▶ [EXERCISE OBJECTIVE]
Transcribe everything in the records, dropping and changing nothing.

▶ [DATA]

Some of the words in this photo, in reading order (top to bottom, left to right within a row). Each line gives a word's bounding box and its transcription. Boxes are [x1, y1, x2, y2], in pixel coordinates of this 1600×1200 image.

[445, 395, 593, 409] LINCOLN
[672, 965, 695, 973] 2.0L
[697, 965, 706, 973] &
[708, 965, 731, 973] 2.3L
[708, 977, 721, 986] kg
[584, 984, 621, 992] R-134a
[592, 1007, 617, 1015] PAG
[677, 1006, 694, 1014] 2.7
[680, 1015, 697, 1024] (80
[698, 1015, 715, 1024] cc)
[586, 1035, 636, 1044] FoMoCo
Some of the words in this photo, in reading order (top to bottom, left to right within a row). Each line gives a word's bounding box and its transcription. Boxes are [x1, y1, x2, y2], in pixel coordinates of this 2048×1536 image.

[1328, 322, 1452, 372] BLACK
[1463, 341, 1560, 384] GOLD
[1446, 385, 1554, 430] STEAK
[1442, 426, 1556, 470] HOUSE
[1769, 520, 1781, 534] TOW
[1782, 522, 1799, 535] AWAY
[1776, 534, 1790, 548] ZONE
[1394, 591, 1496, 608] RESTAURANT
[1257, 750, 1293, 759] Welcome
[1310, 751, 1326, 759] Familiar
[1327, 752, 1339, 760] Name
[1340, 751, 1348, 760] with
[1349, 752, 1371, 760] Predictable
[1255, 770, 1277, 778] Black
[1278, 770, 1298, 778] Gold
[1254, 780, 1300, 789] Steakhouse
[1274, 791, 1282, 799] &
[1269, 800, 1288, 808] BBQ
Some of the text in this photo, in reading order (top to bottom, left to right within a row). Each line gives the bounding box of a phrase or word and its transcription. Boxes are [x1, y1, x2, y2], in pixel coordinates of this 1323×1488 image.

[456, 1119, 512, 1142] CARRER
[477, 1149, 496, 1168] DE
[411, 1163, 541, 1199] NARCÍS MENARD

▶ [EXERCISE ANSWER]
Some of the words in this photo, in reading order (top to bottom, left to right within a row). Each line gives a word's bounding box and its transcription. Boxes are [x1, y1, x2, y2], in pixel coordinates of this 1600×1200 image.

[445, 395, 593, 409] LINCOLN
[672, 965, 695, 973] 2.0L
[697, 965, 706, 973] &
[708, 965, 731, 973] 2.3L
[708, 977, 721, 986] kg
[584, 984, 621, 992] R-134a
[592, 1007, 617, 1015] PAG
[677, 1006, 694, 1014] 2.7
[680, 1015, 697, 1024] (80
[698, 1015, 715, 1024] cc)
[586, 1035, 636, 1044] FoMoCo
Some of the words in this photo, in reading order (top to bottom, left to right within a row). Each line gives a word's bounding box and its transcription. Boxes are [x1, y1, x2, y2], in pixel coordinates of this 2048×1536 image.

[1328, 322, 1452, 372] BLACK
[1463, 341, 1560, 384] GOLD
[1446, 385, 1554, 430] STEAK
[1442, 426, 1556, 470] HOUSE
[1769, 520, 1781, 534] TOW
[1782, 522, 1799, 535] AWAY
[1776, 534, 1790, 548] ZONE
[1394, 591, 1496, 608] RESTAURANT
[1257, 750, 1293, 759] Welcome
[1310, 751, 1326, 759] Familiar
[1327, 752, 1339, 760] Name
[1340, 751, 1348, 760] with
[1349, 752, 1371, 760] Predictable
[1255, 770, 1277, 778] Black
[1278, 770, 1298, 778] Gold
[1254, 780, 1300, 789] Steakhouse
[1274, 791, 1282, 799] &
[1269, 800, 1288, 808] BBQ
Some of the text in this photo, in reading order (top to bottom, left to right within a row). Each line gives the bounding box of a phrase or word and its transcription. Boxes are [x1, y1, x2, y2], in pixel coordinates of this 1323×1488 image.

[456, 1119, 512, 1142] CARRER
[477, 1149, 496, 1168] DE
[411, 1163, 541, 1199] NARCÍS MENARD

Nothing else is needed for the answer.